I was torn between talking about Mina Loy’s work or Hardy’s work. I contemplated talking about both in this blog post, but I honestly felt as though it would not do either of them justice. In other words, I’m going to talk about Mina Loy’s “Feminist Manifesto” because, hot damn, I’ve never been in such passionate agreement with British literature before. There is so much to talk about with this manifesto, but I’m only going to talk about some of it.
I found the start to her manifesto quite interesting. “The feminist movement as at present instituted is Inadequate” I posed the question of “Will it ever be adequate?” Even today, in 2020, over a hundred years after “Feminist Manifesto” was published, I still don’t feel as though the feminist movement is adequate. We’ve certainly made progress but is the movement adequate? Certain ideals in this manifesto have definitely made their way into some people’s thinking – the realization that virginity is a concept (but it’s still important to us?), that gender is more than feminine or masculine, and that women are more than objects to be used by men. However, women are still “below” men in the workplace. They aren’t taken seriously by authorities when they try to get help (granted, in some cases men aren’t either- so that could also just be an authority problem). They are still fighting, but are they fighting hard enough?
If the movement really is “inadequate,” as Loy presents, then what would be an “adequate” movement? We never did truly demolish the “rubbish heap of tradition” because people still abide by it and it’s still ingrained in society on a deep level. “Virginity,” “Virtue,” and “Purity” are still talked about as if they matter when we talk about hard topics such as sexual assault. What matters isn’t meaningless concepts that need to be done away with but, rather, how we can help each other. In other words, what do people who are trying to get their voices heard need? We constantly hammer out speeches about men and women being equals, but, as Loy pointed out, why are we still reaching to be on the same level as men? Why are we placing men so much higher than us in the first place? Perhaps “Absolute Demolition” is truly the only way to get to where we need to be.
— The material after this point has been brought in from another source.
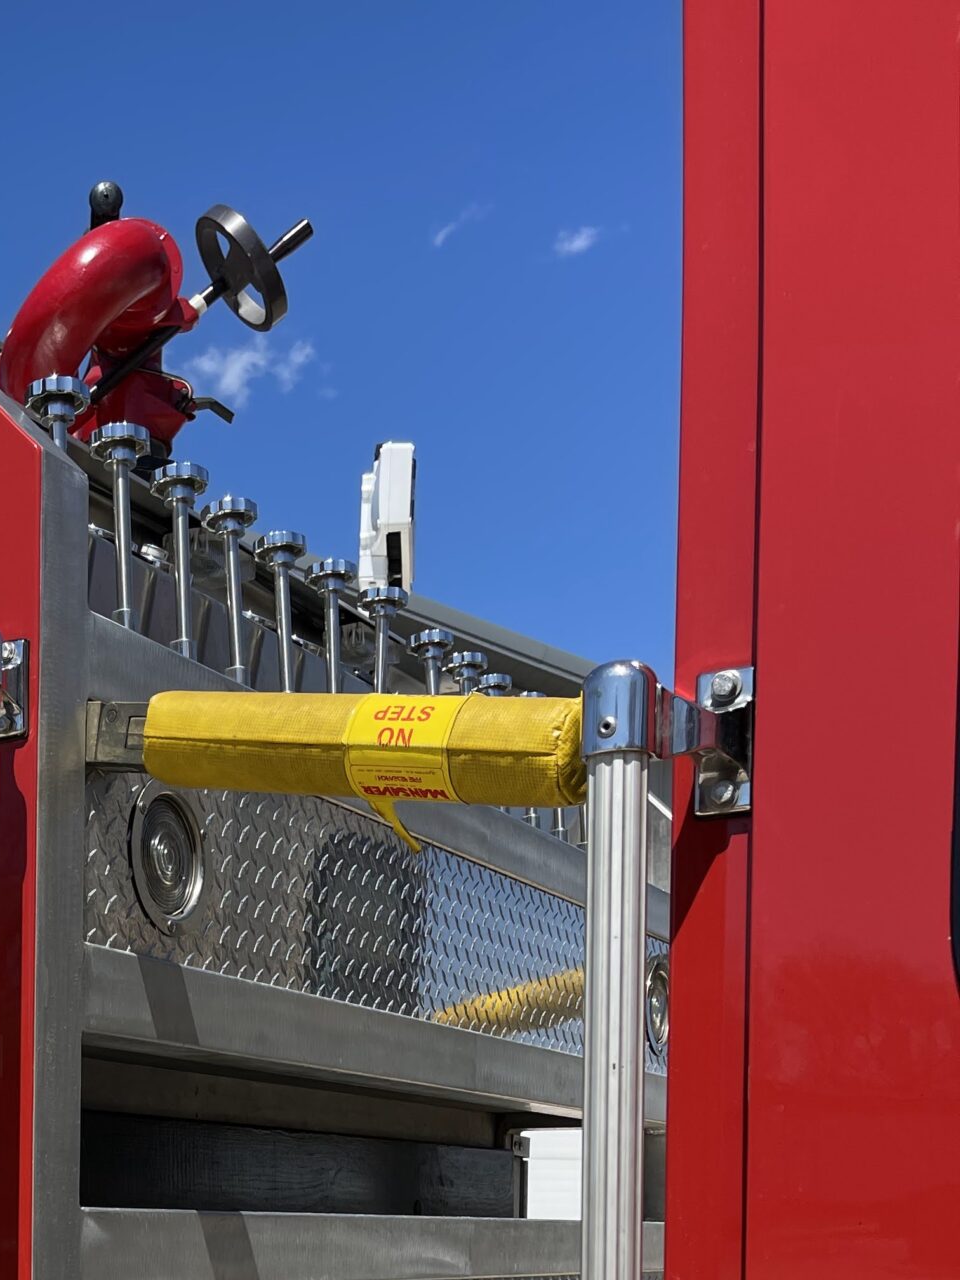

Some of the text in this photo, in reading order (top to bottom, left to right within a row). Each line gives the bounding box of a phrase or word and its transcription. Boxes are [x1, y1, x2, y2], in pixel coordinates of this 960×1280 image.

[373, 705, 435, 722] STEP
[377, 727, 414, 750] NO
[361, 786, 450, 800] MANSAVER
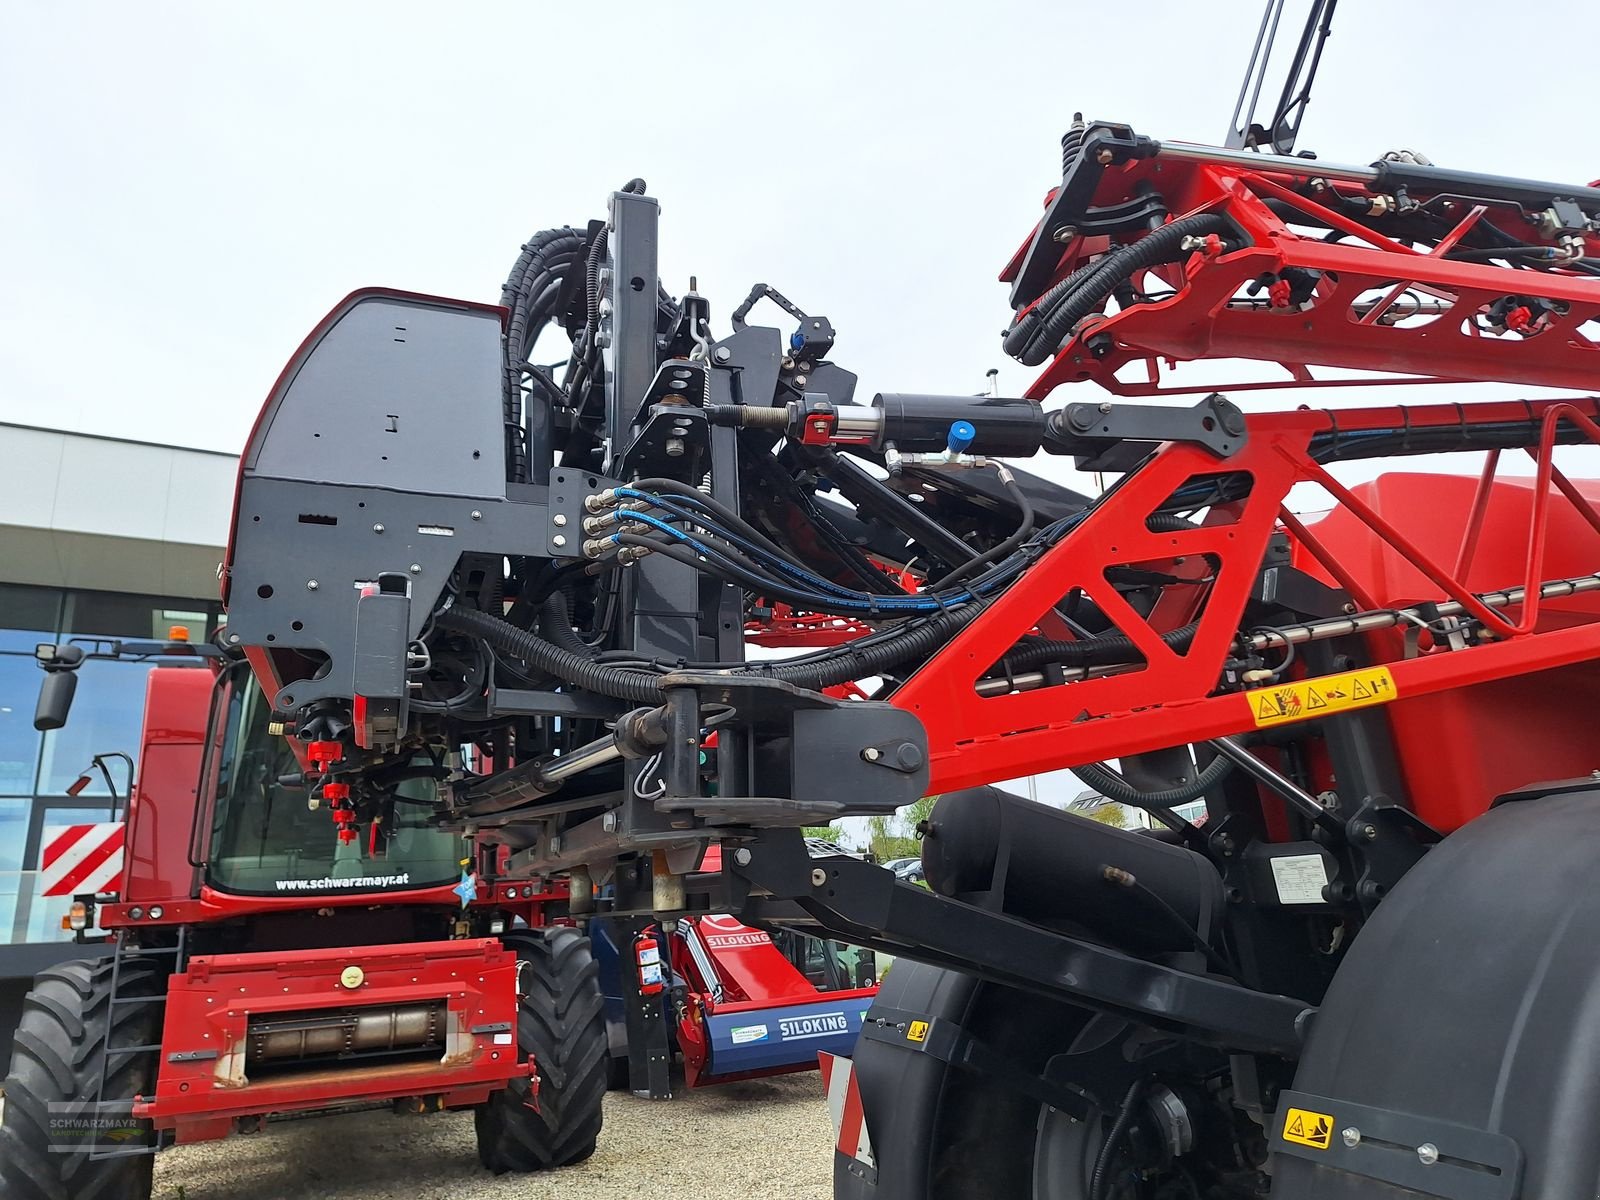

“The value of man is assessed entirely according to his use or interest to the community, the value of a woman, depends entirely on chance, her success or insuccess in manoeuvring a man into taking the life-long responsibility of her- the advantages of marriage of too ridiculously ample- compared to all other trades” I want to mention there is a whole slew of problems with equating human beings to how much work they can put forth. People are not machines created to become cogs- we are beings with emotions, desires, and needs. While a woman can get a job and (barely, kind of?) support herself today, it is still- half the time- easier to marry rich. Even today, if someone is beautiful and finds a man with a lot of money, people applaud her and make comments about how she’s “oh-so-lucky” because now she doesn’t need to worry. Marriage is still a ridiculously easy way to secure an income. The fact that Loy compares marriage to a trade rather than an act of love is so, so telling about the state that marriage was -and still is- in. This one line proves how much our societal views of humans are messed up, that “Absolute Demolition” is the only way. It’s not just feminism that needs to be completely destroyed and rebuilt, it’s the entire view of gender and sex that does.
Come on, over a hundred years go by and we’re only just agreeing with some of the stuff from this manifesto? Society can do better. We need to stop taking the easy way out of trying to reform useless, broken concepts and traditions.